Images for object localization
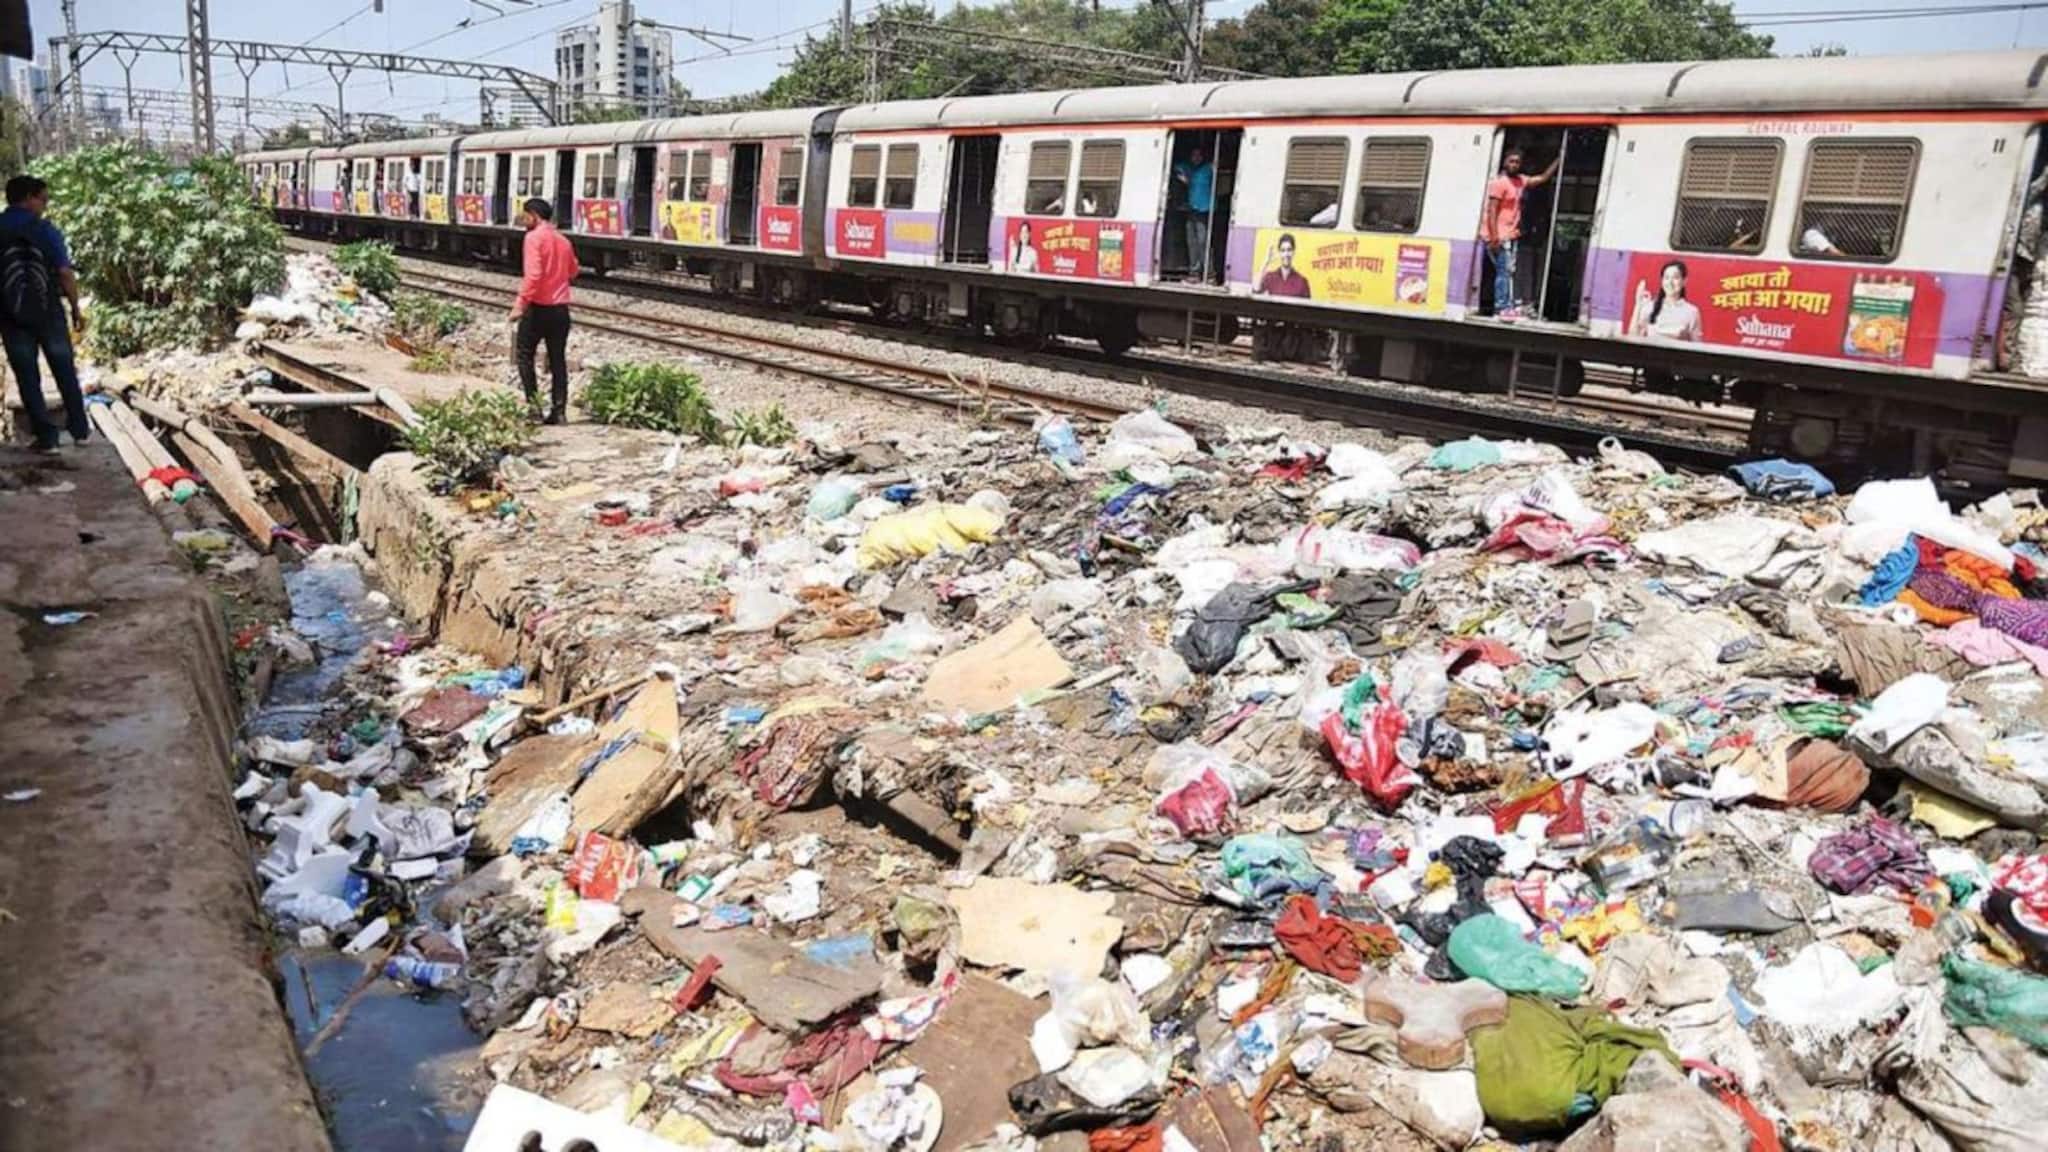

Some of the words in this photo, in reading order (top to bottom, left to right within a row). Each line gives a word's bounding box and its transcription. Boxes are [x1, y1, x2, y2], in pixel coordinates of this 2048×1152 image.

[1746, 121, 1799, 135] CENTRAL
[1802, 120, 1854, 134] RAILWAY
[1768, 265, 1792, 287] तो
[1753, 290, 1781, 308] आ
[1782, 291, 1832, 315] गया!
[1735, 314, 1796, 339] Suhana
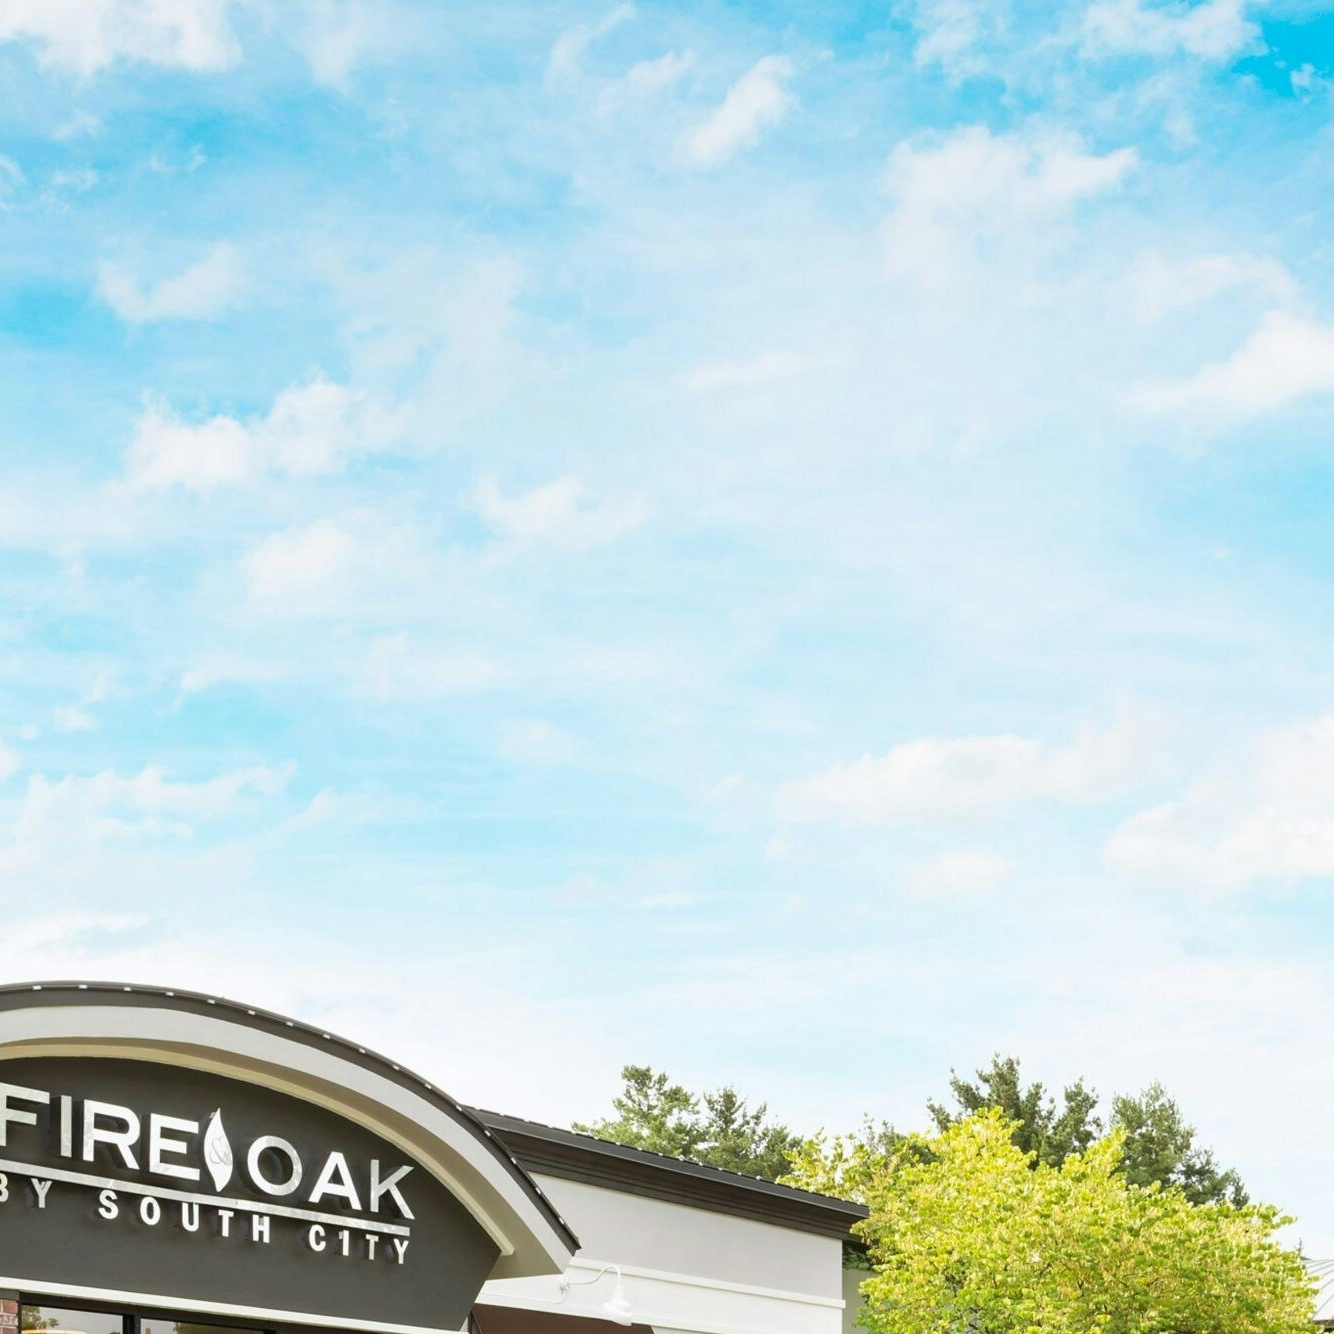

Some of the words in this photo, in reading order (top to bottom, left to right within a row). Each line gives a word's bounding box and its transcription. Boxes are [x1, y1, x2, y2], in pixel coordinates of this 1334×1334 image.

[246, 1135, 416, 1220] OAK
[98, 1190, 270, 1243] SOUTH
[308, 1224, 410, 1265] CITY

Your goal – Write out exactly the lines that run from the one containing "this 1334×1334 image." to the end of the records, both end lines included.

Exercise solution –
Some of the words in this photo, in reading order (top to bottom, left to right within a row). Each line gives a word's bounding box and its transcription. Boxes are [x1, y1, x2, y2], in pixel coordinates of this 1334×1334 image.

[246, 1135, 416, 1220] OAK
[98, 1190, 270, 1243] SOUTH
[308, 1224, 410, 1265] CITY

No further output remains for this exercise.